野口 今回、種苗法が変わっても、自家採種について、これまでと変わるところはありません。種苗法の運用が変わるだけです。種苗法というのはもともと、種苗登録した品種の権利を守るもので、これまで農家が自家採種することについては見逃されてきたと言えます。しかし、世界の中での知的所有権の位置づけに呼応していこうというのが、今回の種苗法の改正です。種苗登録されたものの登録期間中の自家採種が違法なのは当たり前です。種苗登録された品種は新品種であり、その新品種をつくった人間の権利は認めなくてなりません。
 一方、うちで売っている固定種・在来種のほとんどは誰も権利を持っていない、昔からのものです。そうしたものは、今後も自由に自家採種できます。また、種苗法改正以前に問題になった種子法廃止ですが、種子法というのは行政法であって、都道府県の職員に命じる法律です。都道府県が米、麦、大豆について責任をもって種を採って普及しなさいというものです。戦後の食糧難の時代には、食管法とともに必要な法律でした。実は、種子法が廃止されて一番困るのは国からの補助金がなくなる都道府県の職員とその指示で種籾を採っているJAです。したがって新品種を開発した都道府県の職員にも、種苗法を厳密に運用してこれまでの補助金に代わる新品種開発の利益を得られるようにしようというのが、今回の制度改正だと思います。

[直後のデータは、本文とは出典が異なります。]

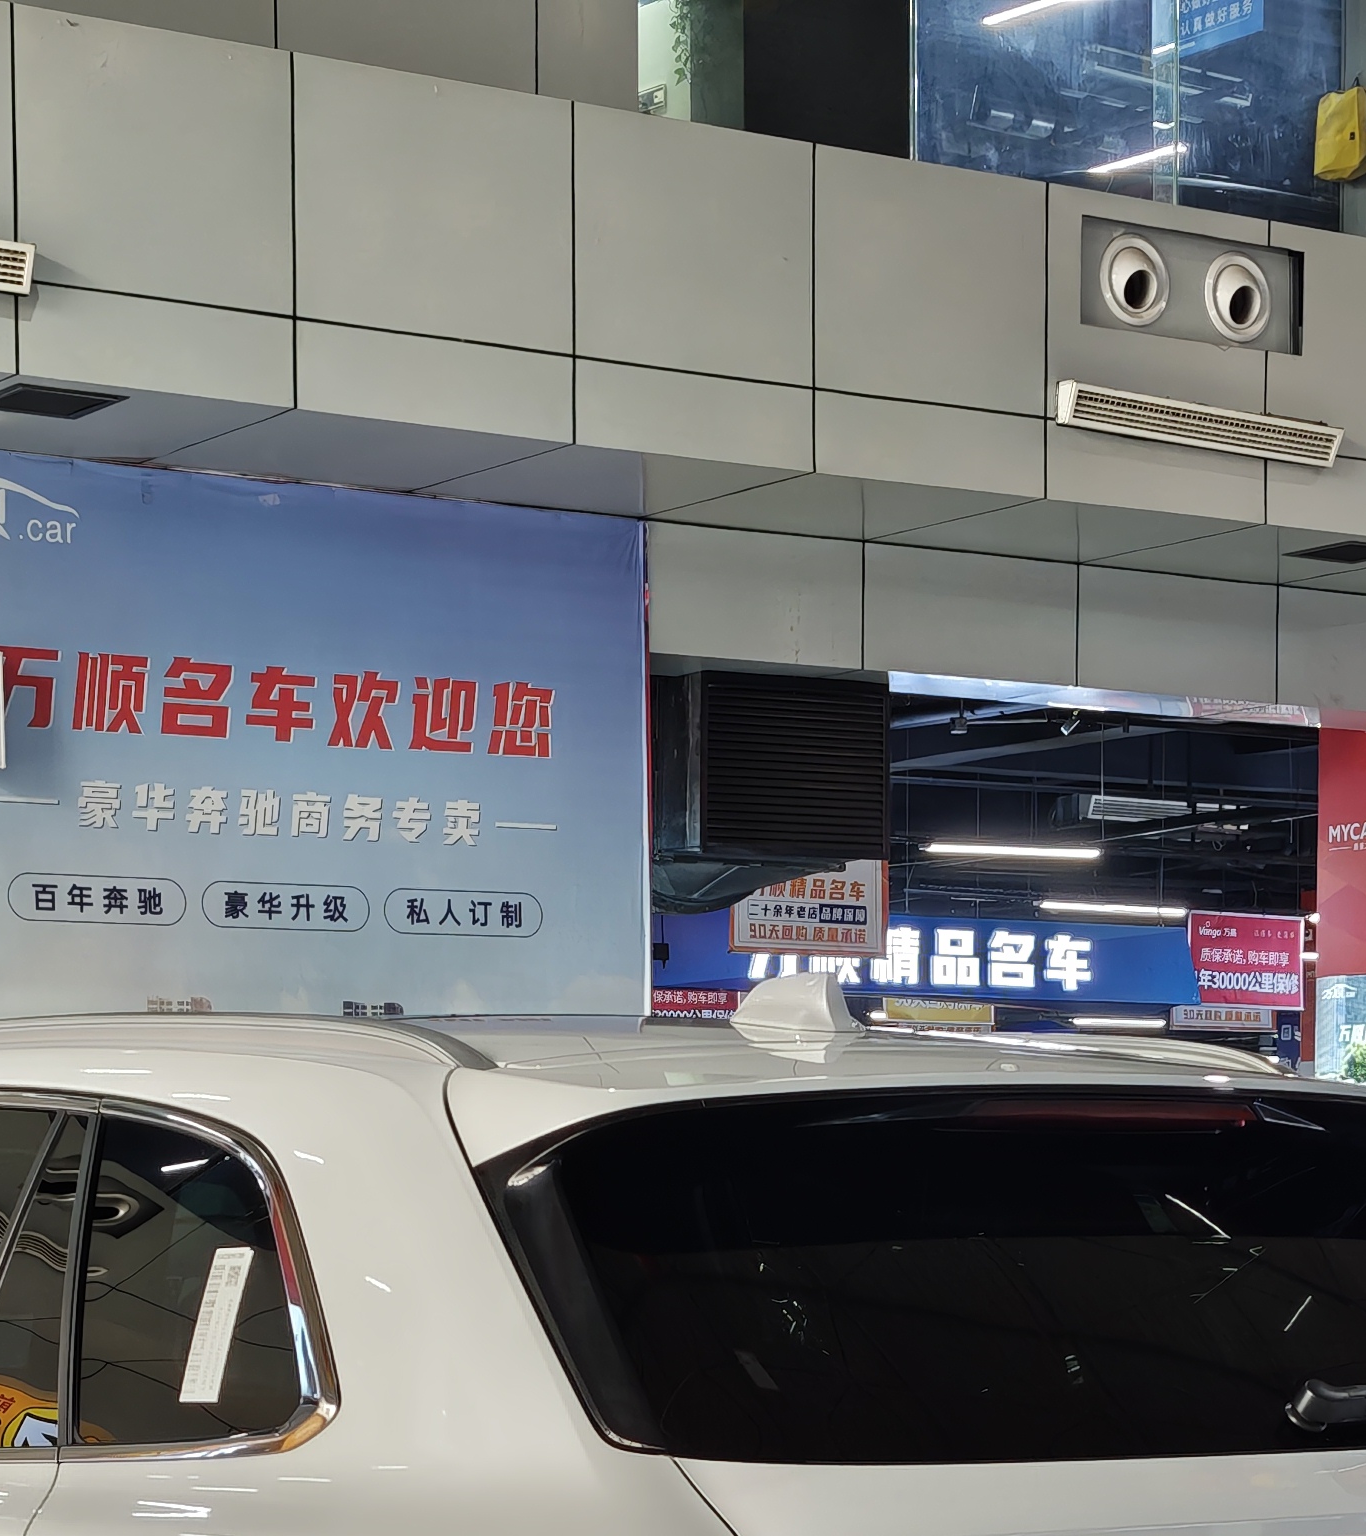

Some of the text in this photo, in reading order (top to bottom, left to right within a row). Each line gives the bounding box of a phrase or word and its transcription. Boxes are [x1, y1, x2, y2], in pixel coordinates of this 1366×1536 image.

 ―― 原爆イネのように、東日本大震災の原発事故による放射線の影響は、種にはどのように出てくるのですか。

 

野口 当時、お客さんから多くの問合せがありました。しかし、種の放射性物質濃度を調べるには、1kgもの種を潰して機械にかけなければわかりません。1kgというのは、うちが仕入れている一品種ごとでは何年分かの量です。個人ではとても調べられません。

 ―― モンサント社はインドにおいて自社の種子を供給することで、まさに一国の食料供給を握ってしまいました。そうしたことに歯止めをかけるにはどうしたらいいのでしょうか。

 

野口 種は買うものだと考えていると、キャベツだと思っていたものがいつの間にか、ダイコンのミトコンドリアを食べていることになっている。そういう世の中のなっているのです。昭和30年以前に戻って、もう一度、自分で種を採るようにすれば、種代なんか一切かからない。自家採種する人を増やせばいいわけです。政治家にGMやF1の危険性を理解させるのは難しいと思います。いかに世界経済を大きくしてたくさんのお金を稼ぐというのが今の国の方針ですから、お金がかからないという農業を勧めても国は動いてくれません。
 ちなみに、モンサント社の種は、今、世界中で嫌われています。1,000haあるいは2,000ha規模の遺伝子組み換えトウモロコシの採種畑が、一年で一挙に大麻に変わったという話を聞きます。要するに、儲かるのならば何でもつくるということのようです。遺伝子組み換えはもう消えつつあり、ゲノム編集がそれに代わると思います。

 ―― 永久凍土で種子を保存することをおこなっているそうですが、どのような効果があるのですか。

 

野口 ノルウェーでおこなわれている取り組みです。種を零下18℃〜20℃で保存すると、1,000年でも2,000年でも生き残るという研究報告があります。つくばのジーンバンクが研究して、学術誌に発表しました。ジーンバンクでは1980年代から種子の保存を始めていますが、種苗会社や都道府県に原種として提供しています。もっとも、低温で保存していた種を一度に外に出すと、水分が膨張して種が死んでしまうので、少しずつ温度を上げて常温に戻します。ある種苗会社が在来種の種を十何種類提供してもらったのですが、芽が出たのは一つだけだったといってました。30年でほとんど死んでいたわけです。
 本来、種は命を保存しているものですが、代謝を止められた命は低温でもそう長く生き続けられるものではないようです。最近は、まだ生きている種を種苗会社に提供して更新してもらうということをやっているようです。日本国内であれば、畑に種を蒔いて更新することができますが、ノルウェーのような氷河では無理でしょう。欧米ではあまり食べないダイコンだけでも500〜600種類の種を集めているそうです。しかし、一品種当たりの保存量はせいぜい500粒です。うちで売っている一袋300円と同じ粒数です。それくらいの種を保存していても、更新していくことはできないでしょう。壮大な無駄遣いに終わるのではないかと思っています。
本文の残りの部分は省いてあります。